One of the most fascinating reads is the classic tale of Edmond Dantes found in Alexandre Dumas’ The Count of Monte Cristo. As a young sailor, Dantes has a promising future ahead. He appears to be in line for promotion to captain, he is engaged to a beautiful and loving woman, and he appears to be very near achieving the goals that will make him happy. But just as he is about to realize his dreams, three jealous competitors conspire to have him falsely arrested and imprisoned for high treason. After spending years in prison, Dantes gives up hope and decides to starve himself to death. At this point, an older prisoner, Abbe Faria, accidently tunnels into Dantes’ cell in a failed attempt to escape. They become fast friends, and Faria uses their time not only to instruct Dantes in high culture, science, and languages but also to share with him the location of an enormous fortune that awaits Dantes should he ever successfully escape.
After Faria dies, Dantes succeeds in escaping, and he finds the seemingly inexhaustible fortune Faria had told him of. At this point, a perfectly selfish person would take the money and live the most opulent life imaginable. Someone motivated by altruism might take his fortune and use some for his own enjoyment and also use a substantial amount to enrich the lives of his lost love or other unfortunate friends from his prior life. In fact, Dantes does give an anonymous gift of cash to the Morrel family, who had stood by him throughout his troubles. However, he uses the remainder of his fortune to exact the slowest and most painful revenge he can on each of the conspirators who had put him in prison—one of whom is now married to his former fiancée. At each turn of the knife, the reader feels somehow victorious and happy that the conspirators receive their just reward for vile villainy against the innocent, though Dantes seems to become less and less the hero.

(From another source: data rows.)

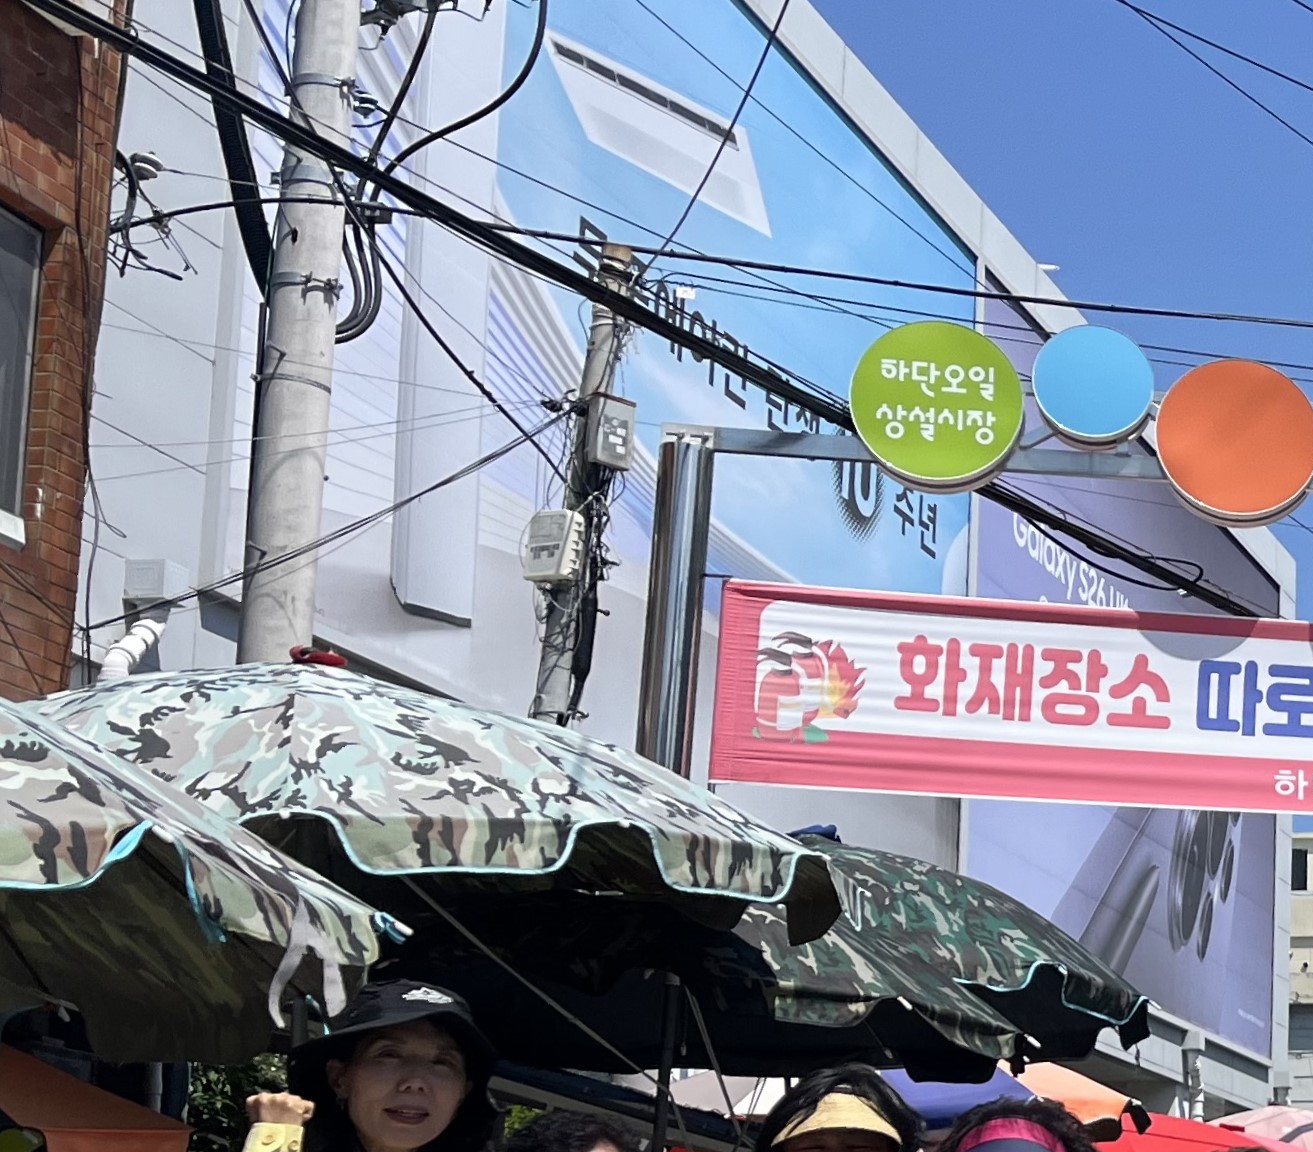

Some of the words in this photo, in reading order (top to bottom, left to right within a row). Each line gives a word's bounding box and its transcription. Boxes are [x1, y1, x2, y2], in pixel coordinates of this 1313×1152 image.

[881, 358, 995, 402] 하단오일
[876, 403, 997, 445] 상설시장
[1013, 510, 1077, 600] Galaxy
[894, 633, 1172, 731] 화재장소
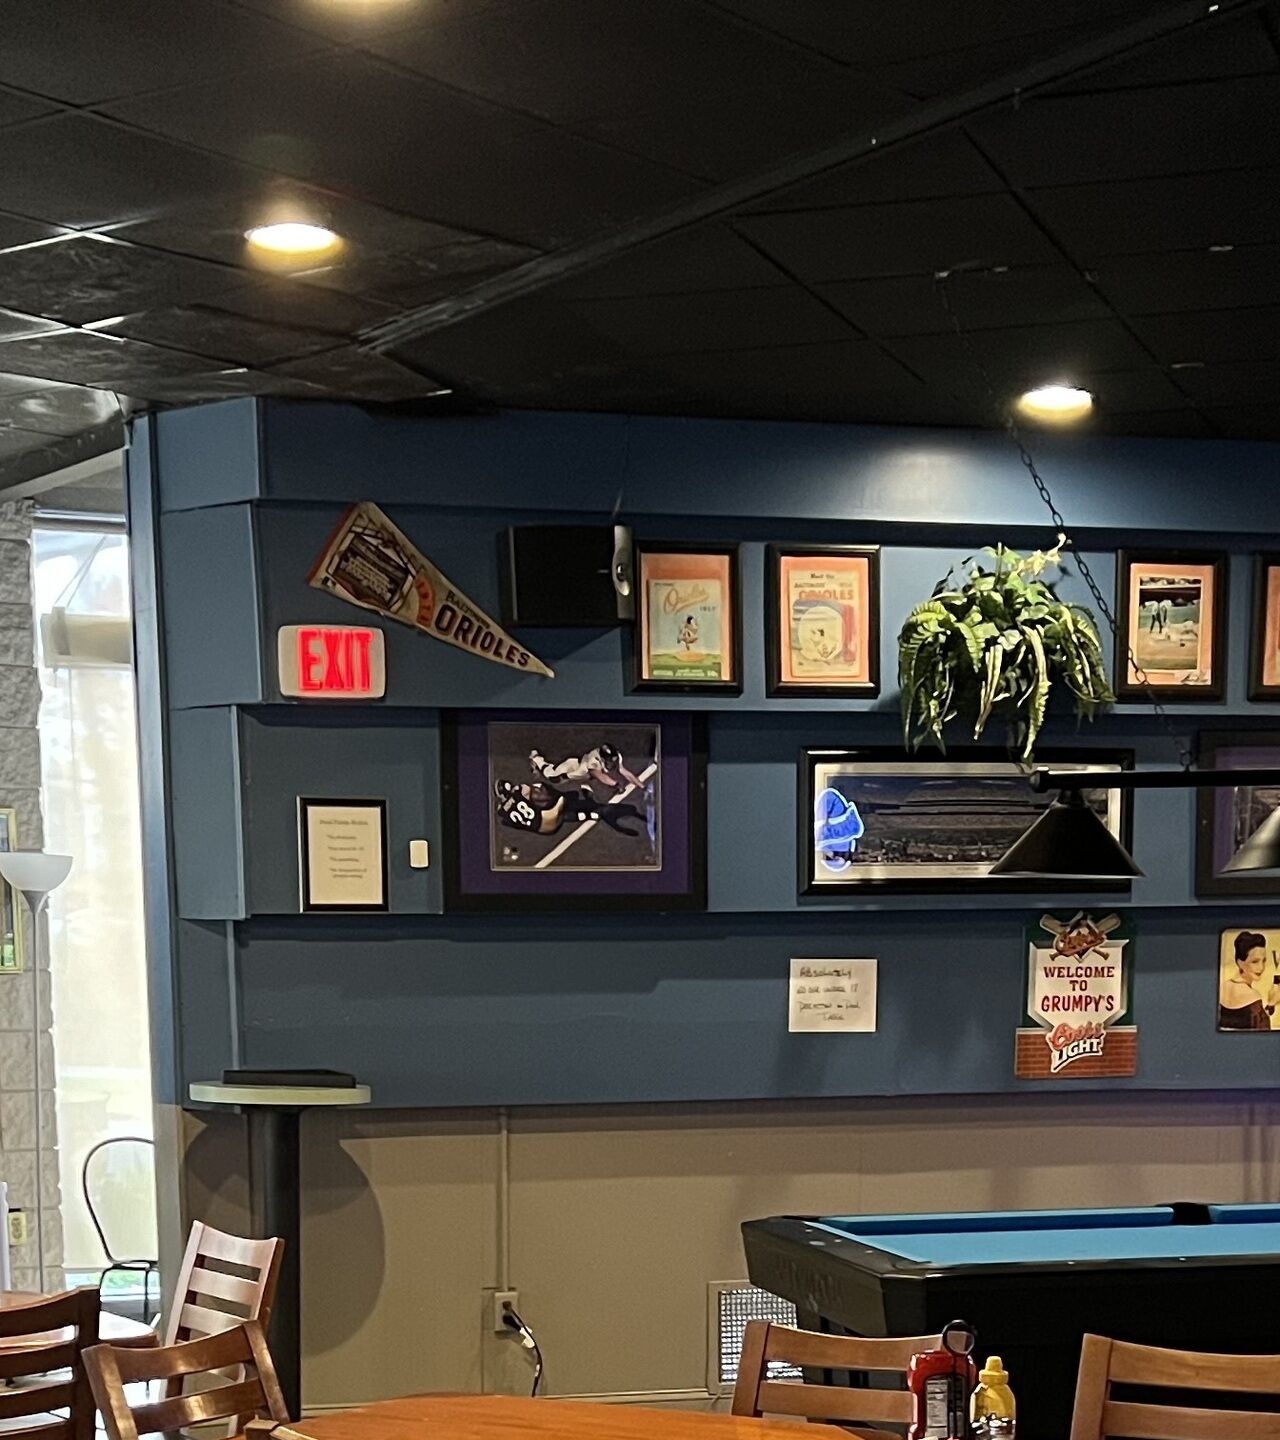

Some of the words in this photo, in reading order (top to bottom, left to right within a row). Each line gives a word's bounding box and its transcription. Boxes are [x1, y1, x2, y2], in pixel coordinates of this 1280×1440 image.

The notion of altruism provides a very simplistic view of how people deal with one another. In truth, we do not always have others’ best interest at heart. In some cases, we even seek to harm others at our own expense. Among the most extreme examples of this are suicide bombers who give their lives in the hope that they can injure or kill others. These actions are clearly incongruous with either the selfish decision maker or the altruistic decision maker. Moreover, it seems unlikely that we could find people who behave in such a cruel or vindictive manner generally to everyone they meet. In this chapter we introduce a more-nuanced set of theories about other-regarding preferences. The majority of these theories have developed out of the notion that people seek a fair distribution of consequences. This may be one of the reasons we see nearly even splits in many of the versions of the dictator game discussed in Chapter 14. The notion of fairness has had many different definitions in the literature, and we will cover the most important of these.
One branch of the research on fairness concerns how people react not only to the distribution of outcomes but also to the motivations and perceptions of others. Such conceptions of psychological motivations in games can provide powerful explanations of the behavior commonly observed in laboratory games. These models of behavior also have implications for the real world. Much of work and business is conducted in teams or other groups in which the actions of each individual involved will affect the payouts of all. How teams perceive the diligence of each of their individual members can have a substantial impact on how any one individual will decide on how much effort to put forth. Similarly, firms can use the way they are perceived in the community (e.g., socially conscious vs. greedy) to market their products and services. In each case, how actions are perceived can have a big impact on the behavior of others and ultimately on the profits of firms and well-being of consumers and workers.